The exact scripts to use
Script 1: Email to existing client (60-90 days notice)
Hi [Name],
I wanted to give you advance notice that my rates are increasing from [date]. My new rate will be £[amount] per hour / £[amount] per project.
This reflects the value I aim to deliver and ensures I can continue providing the quality of work you expect. I wanted to give you plenty of notice so you can plan accordingly.
Any work agreed before [date] will remain at the current rate. I am happy to discuss how this affects upcoming projects if useful.
Best,
[Your name]
Script 2: In conversation when asked your rate
"My rate for this type of work is £[amount]. For projects with clear scope I can also offer a fixed price. What works best for you?"
State the number. Offer an option. Stop talking. The silence after quoting is where most freelancers crack and start discounting. Don't fill it. Let them respond.
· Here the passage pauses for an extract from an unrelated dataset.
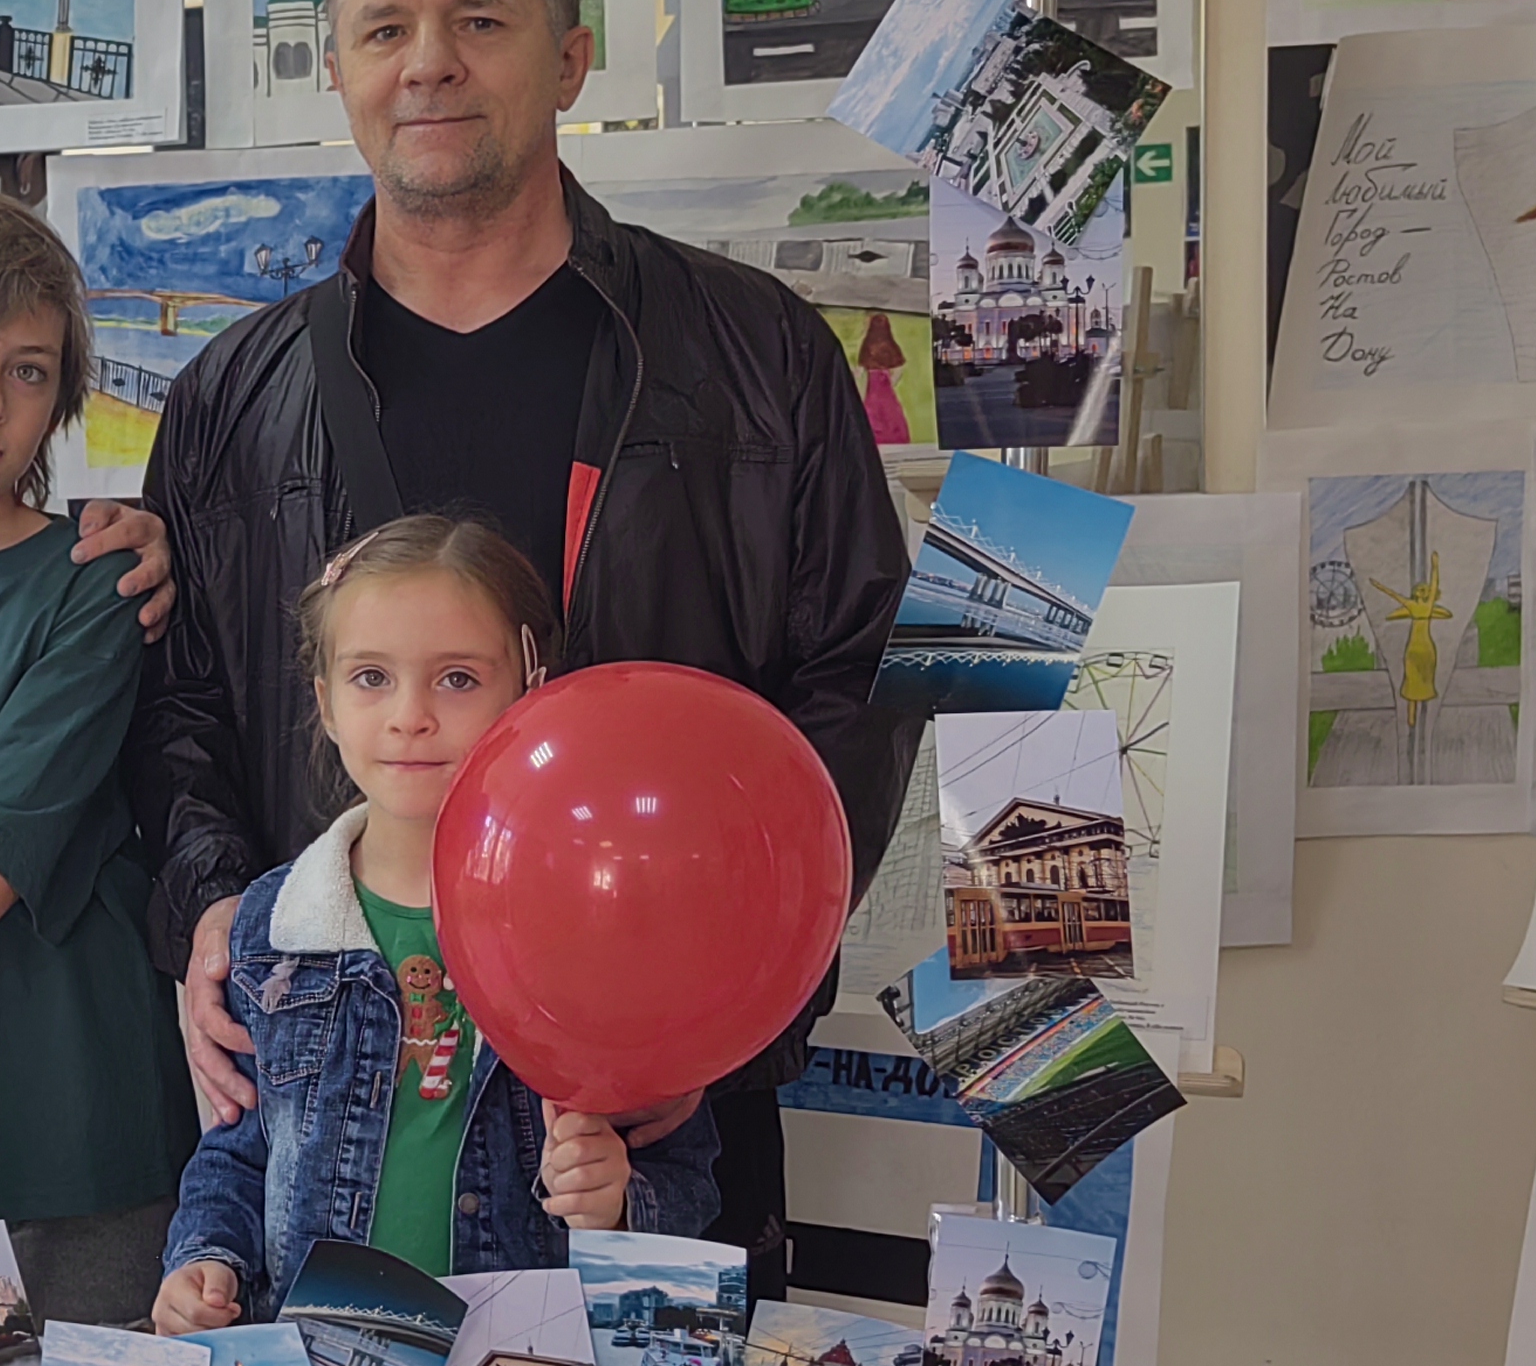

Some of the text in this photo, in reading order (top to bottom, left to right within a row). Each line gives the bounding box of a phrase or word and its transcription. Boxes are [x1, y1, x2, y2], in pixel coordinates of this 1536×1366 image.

What to do when a client pushes back
If they say "that's too expensive":
"I understand. What budget are you working with?" Then evaluate whether the adjusted scope justifies the lower rate — don't just discount arbitrarily.
If they say "your old rate was fine":
"I appreciate that, and I value our working relationship. My costs have increased and this rate reflects the quality I deliver. I am happy to discuss what works within your budget."
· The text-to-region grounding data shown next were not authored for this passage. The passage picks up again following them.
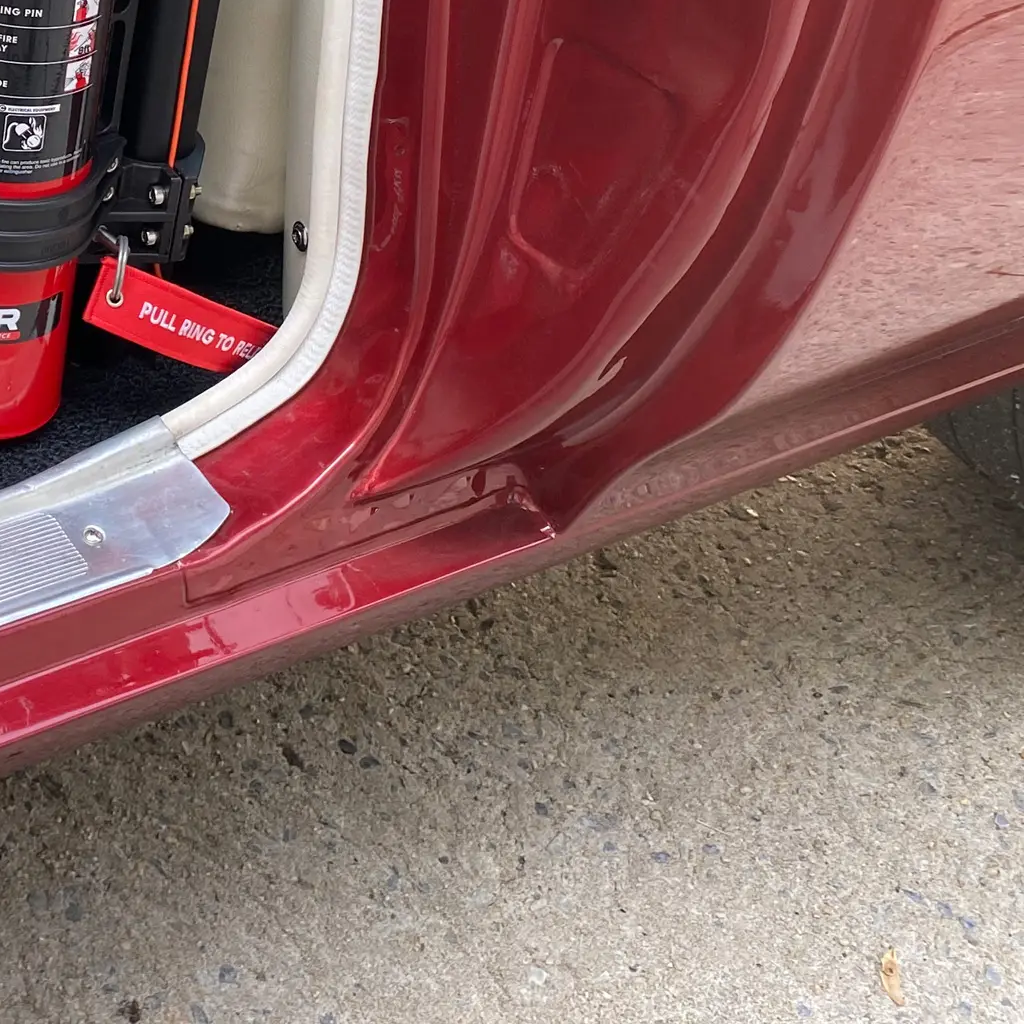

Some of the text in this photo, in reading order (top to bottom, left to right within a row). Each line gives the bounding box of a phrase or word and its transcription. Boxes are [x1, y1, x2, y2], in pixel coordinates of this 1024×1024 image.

[24, 9, 43, 18] PIN
[138, 302, 176, 332] PULL
[178, 318, 215, 346] RING
[215, 332, 235, 351] TO
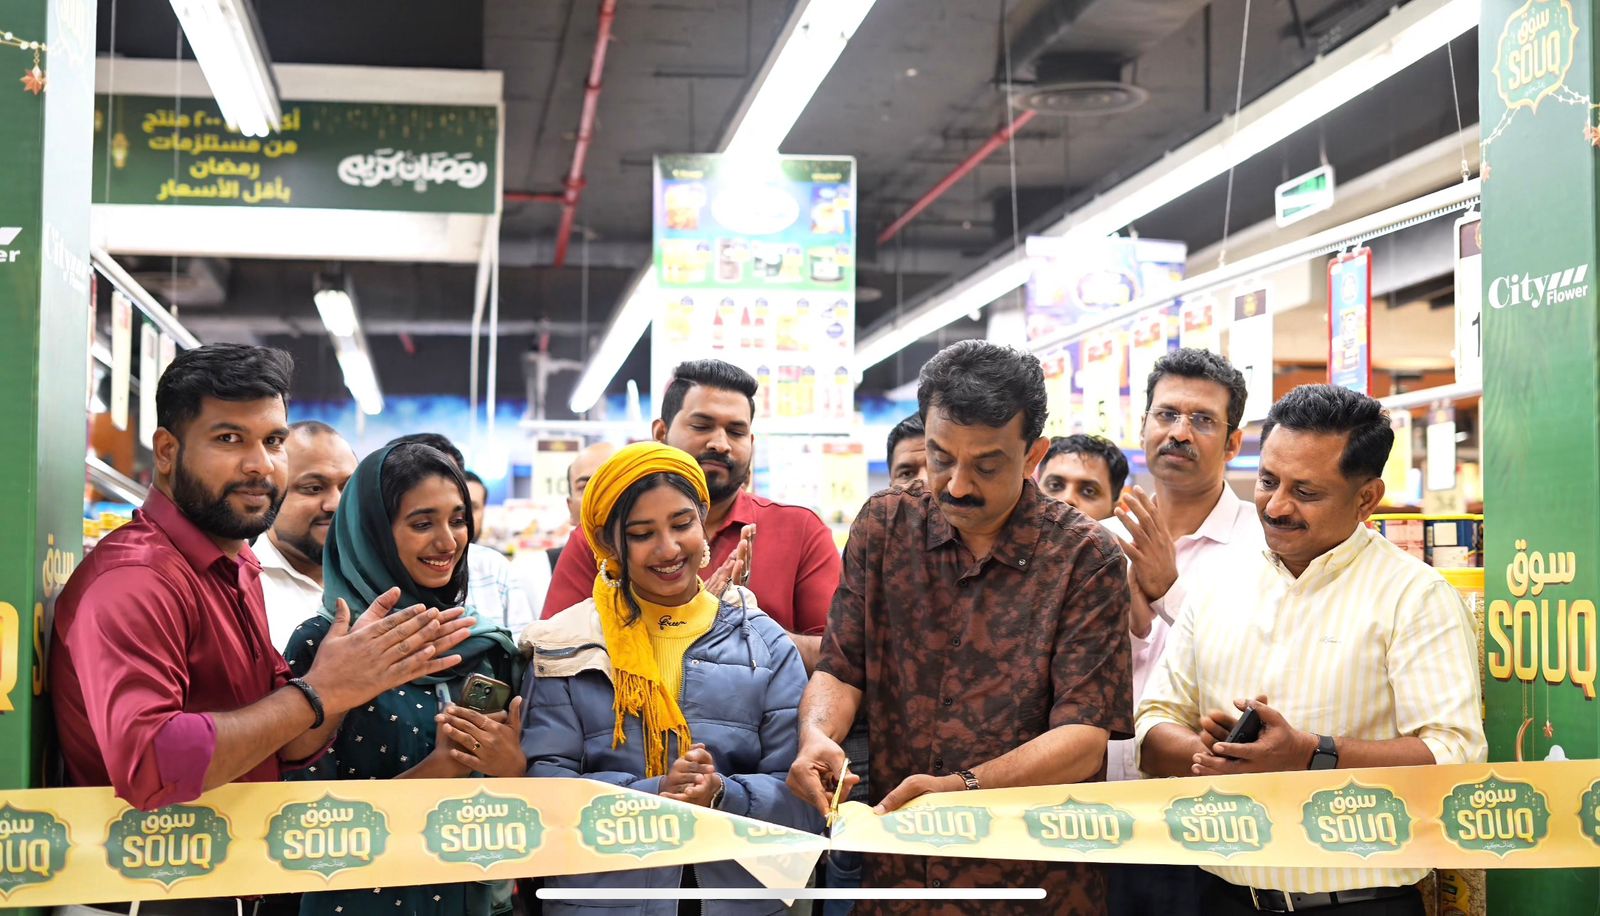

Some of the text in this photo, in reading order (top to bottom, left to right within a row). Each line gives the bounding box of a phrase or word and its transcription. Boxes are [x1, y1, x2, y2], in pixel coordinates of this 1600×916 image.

[1518, 8, 1550, 45] سوق
[1508, 30, 1560, 90] SOUQ
[148, 133, 298, 158] من مستلزمات
[189, 156, 261, 180] رمضان
[156, 176, 291, 203] بأقل الأسعار
[1488, 271, 1550, 309] City
[1546, 285, 1588, 306] Flower
[1506, 539, 1576, 597] سوق
[1488, 599, 1598, 698] SOUQ
[457, 799, 509, 823] سوق
[610, 794, 661, 817] سوق
[1190, 797, 1238, 816] سوق
[1330, 790, 1376, 815] سوق
[1469, 783, 1517, 809] سوق
[300, 802, 354, 828] سوق
[595, 814, 680, 845] SOUQ
[895, 811, 977, 841] SOUQ
[1040, 812, 1120, 844] SOUQ
[1318, 812, 1398, 846] SOUQ
[1457, 808, 1534, 843] SOUQ
[283, 827, 371, 860] SOUQ
[441, 822, 527, 853] SOUQ
[1181, 815, 1260, 847] SOUQ
[122, 833, 213, 869] SOUQ
If they say they will find someone cheaper:
Let them try. Clients who leave over a reasonable rate increase almost always come back — or are replaced by clients who value your work properly. Either outcome is better than working below your rate.
How much to raise by
10-15%: Small, easy to absorb. Good for first increase or nervous clients.
20-30%: Standard meaningful increase. Most clients who value your work absorb this without significant pushback.
50%+: Major repositioning. Do this when moving up-market deliberately. Expect to lose some clients — that is the point.
My rule: raise to your minimum viable rate first. Then raise beyond it by 20-30% to give yourself a sustainable margin. Never work at your minimum for long.
Know your minimum before you negotiate
The Pricing Confidence Calculator tells you the exact rate below which you cannot afford to work. Two minutes. No guessing. Walk into every conversation knowing your number.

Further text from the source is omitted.